### WHAT THE TASK REQUIRES:
Please set down the line that contains "this 1600×1069 image." and every line below it through the last, exactly as written, with no other lines.

[Stored data]
+ + +
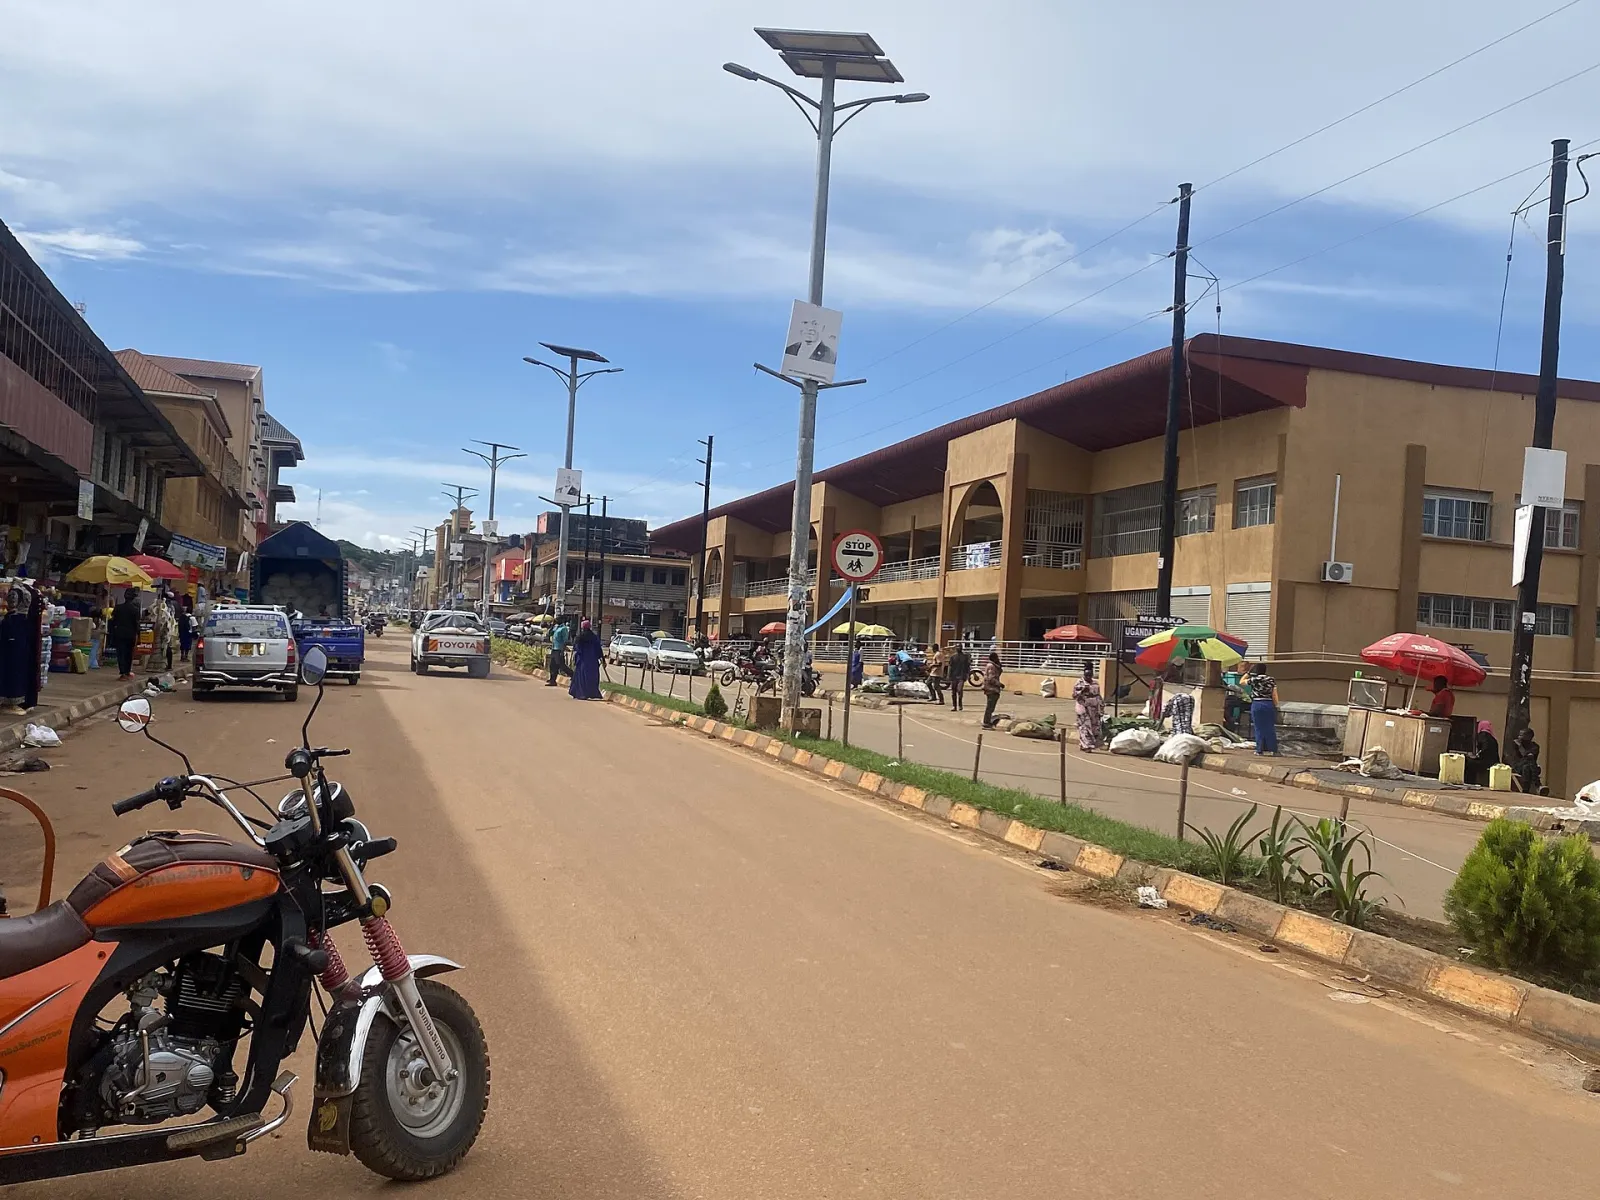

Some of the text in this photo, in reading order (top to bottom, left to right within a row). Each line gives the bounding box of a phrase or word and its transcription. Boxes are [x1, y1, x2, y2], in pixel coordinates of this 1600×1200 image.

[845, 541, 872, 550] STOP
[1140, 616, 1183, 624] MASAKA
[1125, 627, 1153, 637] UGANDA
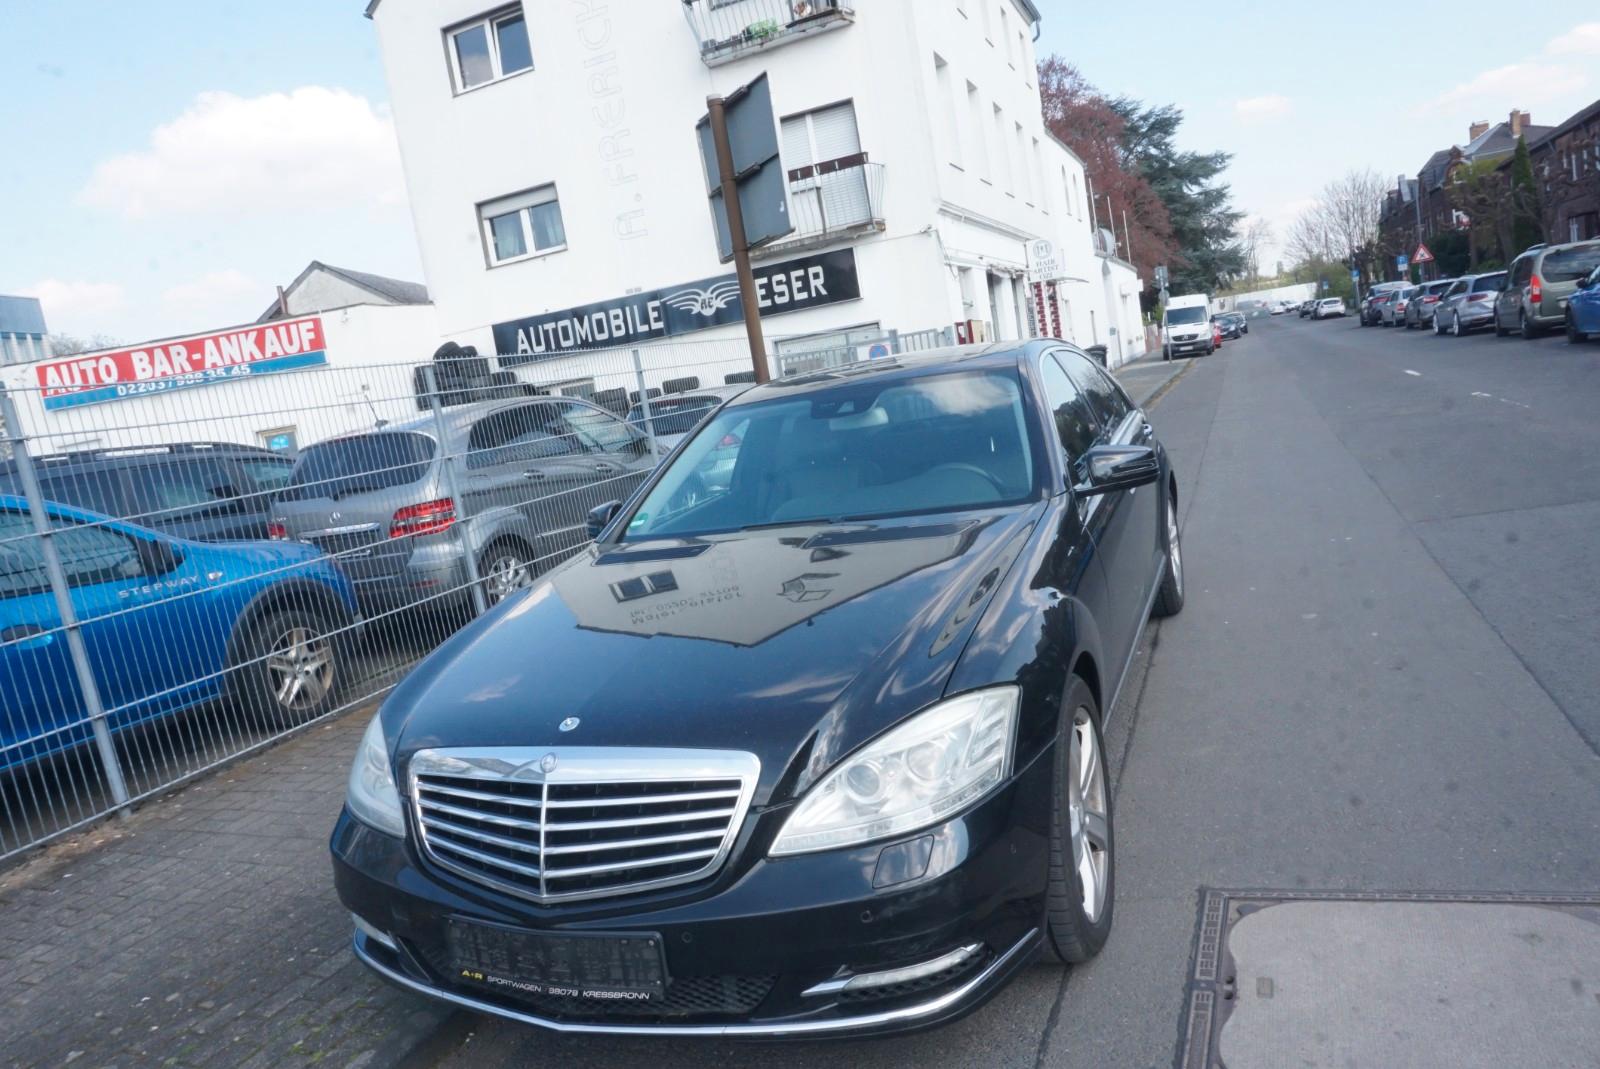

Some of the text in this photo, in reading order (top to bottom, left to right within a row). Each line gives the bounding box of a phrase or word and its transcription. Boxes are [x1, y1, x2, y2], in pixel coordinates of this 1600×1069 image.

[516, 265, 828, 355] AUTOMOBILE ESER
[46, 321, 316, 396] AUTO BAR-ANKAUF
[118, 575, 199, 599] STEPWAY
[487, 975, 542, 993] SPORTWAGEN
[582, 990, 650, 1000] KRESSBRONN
+ + +
### YOUR RESPONSE:
Some of the text in this photo, in reading order (top to bottom, left to right within a row). Each line gives the bounding box of a phrase or word and its transcription. Boxes are [x1, y1, x2, y2], in pixel coordinates of this 1600×1069 image.

[516, 265, 828, 355] AUTOMOBILE ESER
[46, 321, 316, 396] AUTO BAR-ANKAUF
[118, 575, 199, 599] STEPWAY
[487, 975, 542, 993] SPORTWAGEN
[582, 990, 650, 1000] KRESSBRONN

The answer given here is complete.